This document provides a comprehensive guide for multimodal inference using SGLang backend in Dynamo. SGLang multimodal uses specialized E/PD or E/P/D flows with NIXL (RDMA) for zero-copy tensor transfer.

Support Matrix

Modality Input Format Aggregated Disaggregated Notes
Image HTTP/HTTPS URL Yes Yes Vision encoder generates embeddings
Image Data URL (Base64) No No
Video HTTP/HTTPS URL No No
Audio HTTP/HTTPS URL No No

Supported URL Formats

Format Example Description
HTTP/HTTPS http://example.com/image.jpg Remote media files

Deployment Patterns

SGLang supports E/PD and E/P/D patterns only (always has a separate encode worker). See Multimodal Architecture Patterns for detailed explanations.

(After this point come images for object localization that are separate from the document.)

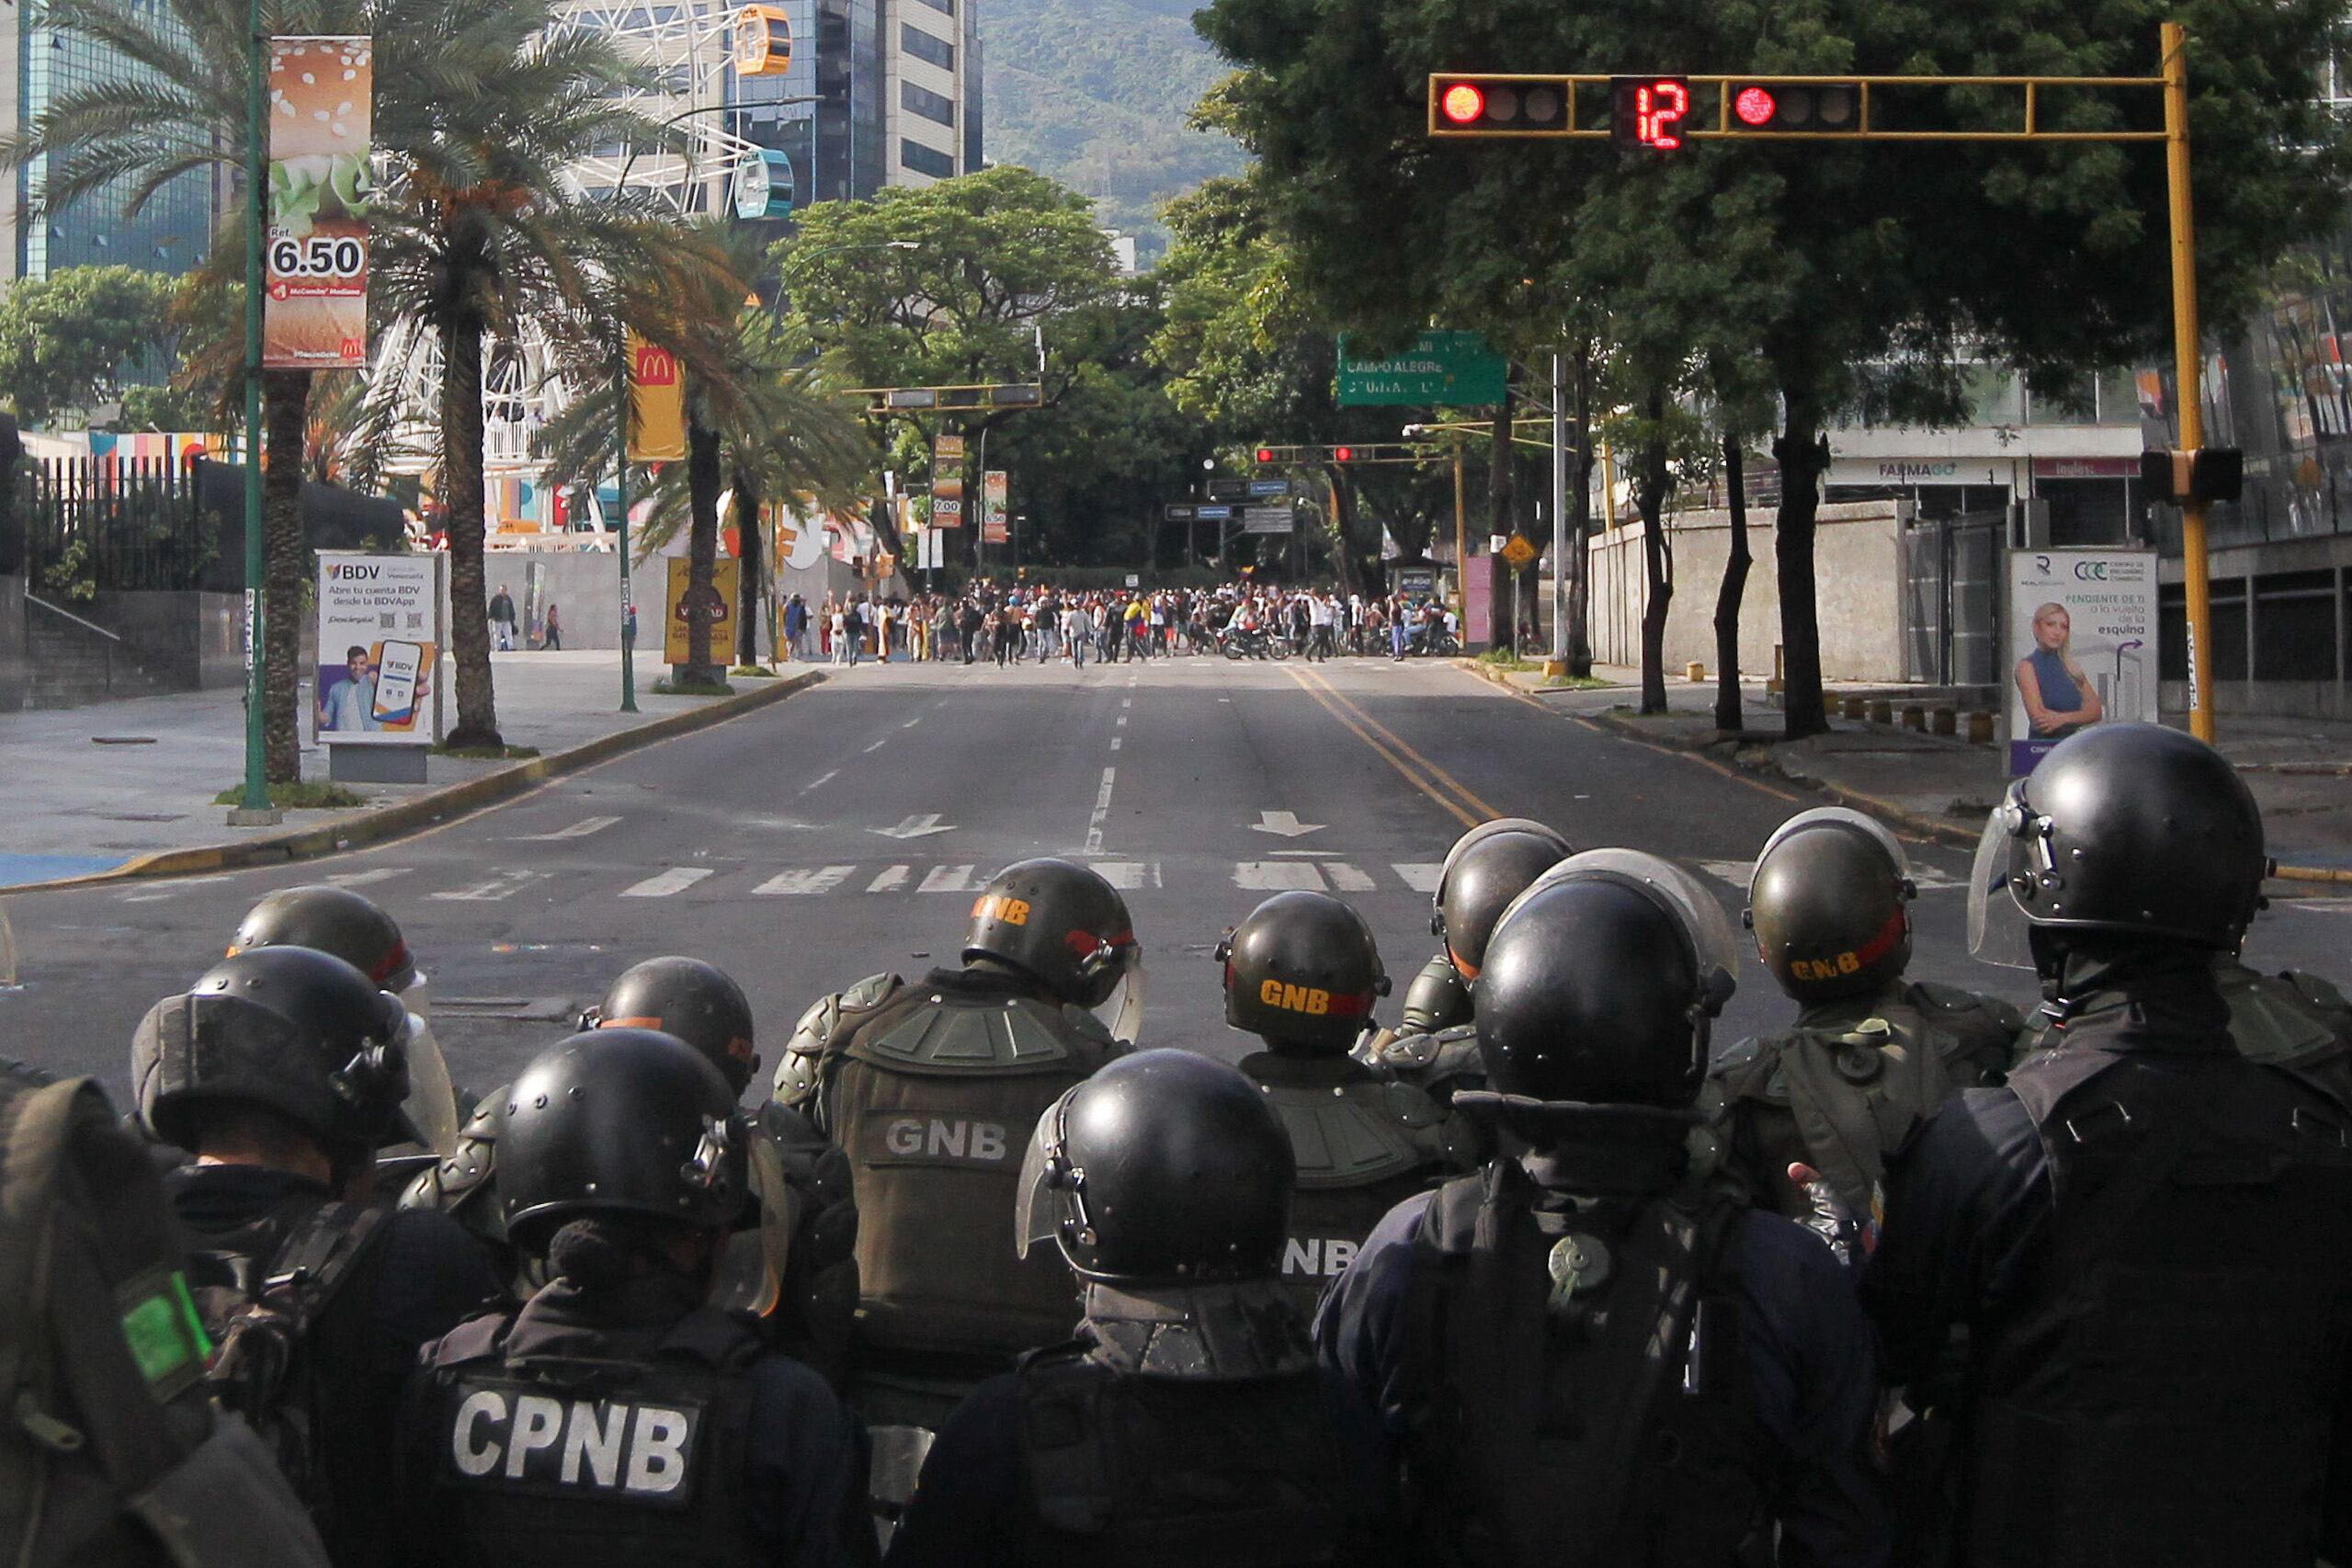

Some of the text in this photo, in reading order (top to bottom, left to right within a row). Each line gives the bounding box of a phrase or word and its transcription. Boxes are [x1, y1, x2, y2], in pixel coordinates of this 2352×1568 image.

[1635, 81, 1688, 150] 12
[273, 240, 361, 274] 6.50
[936, 502, 958, 512] 7.00
[343, 565, 380, 580] BDV
[365, 586, 396, 595] cuenta
[398, 586, 420, 595] BDV
[334, 597, 361, 606] desde
[2065, 595, 2118, 604] PENDIENTE
[2121, 595, 2133, 604] DE
[2113, 605, 2145, 614] vuelta
[2097, 624, 2145, 636] esquina
[1261, 980, 1330, 1016] GNB
[885, 1119, 1007, 1161] GNB
[452, 1390, 689, 1493] CPNB

Pattern Supported Launch Script Notes
EPD (Simple Aggregated) N/A Not supported
E/PD (Encode Separate) multimodal_agg.sh Vision encoder separate
E/P/D (Full Disaggregation) multimodal_disagg.sh KV cache via bootstrap
EP/D (Traditional Disaggregated) N/A Not supported

Component Flags

Component Flag Purpose
Processor --multimodal-processor HTTP entry, OpenAI→SGLang conversion
Encode Worker --multimodal-encode-worker Vision encoder, embeddings generation
PD Worker --multimodal-worker Prefill + Decode with embeddings
Decode Worker --multimodal-worker --serving-mode=decode Entry point for disaggregation
Prefill Worker --multimodal-worker --serving-mode=prefill Called by Decode, bootstrap coordination

SGLang-Specific Characteristics

  • Vision Encoder in Python: Encode worker loads vision model (AutoModel) and image processor (AutoImageProcessor)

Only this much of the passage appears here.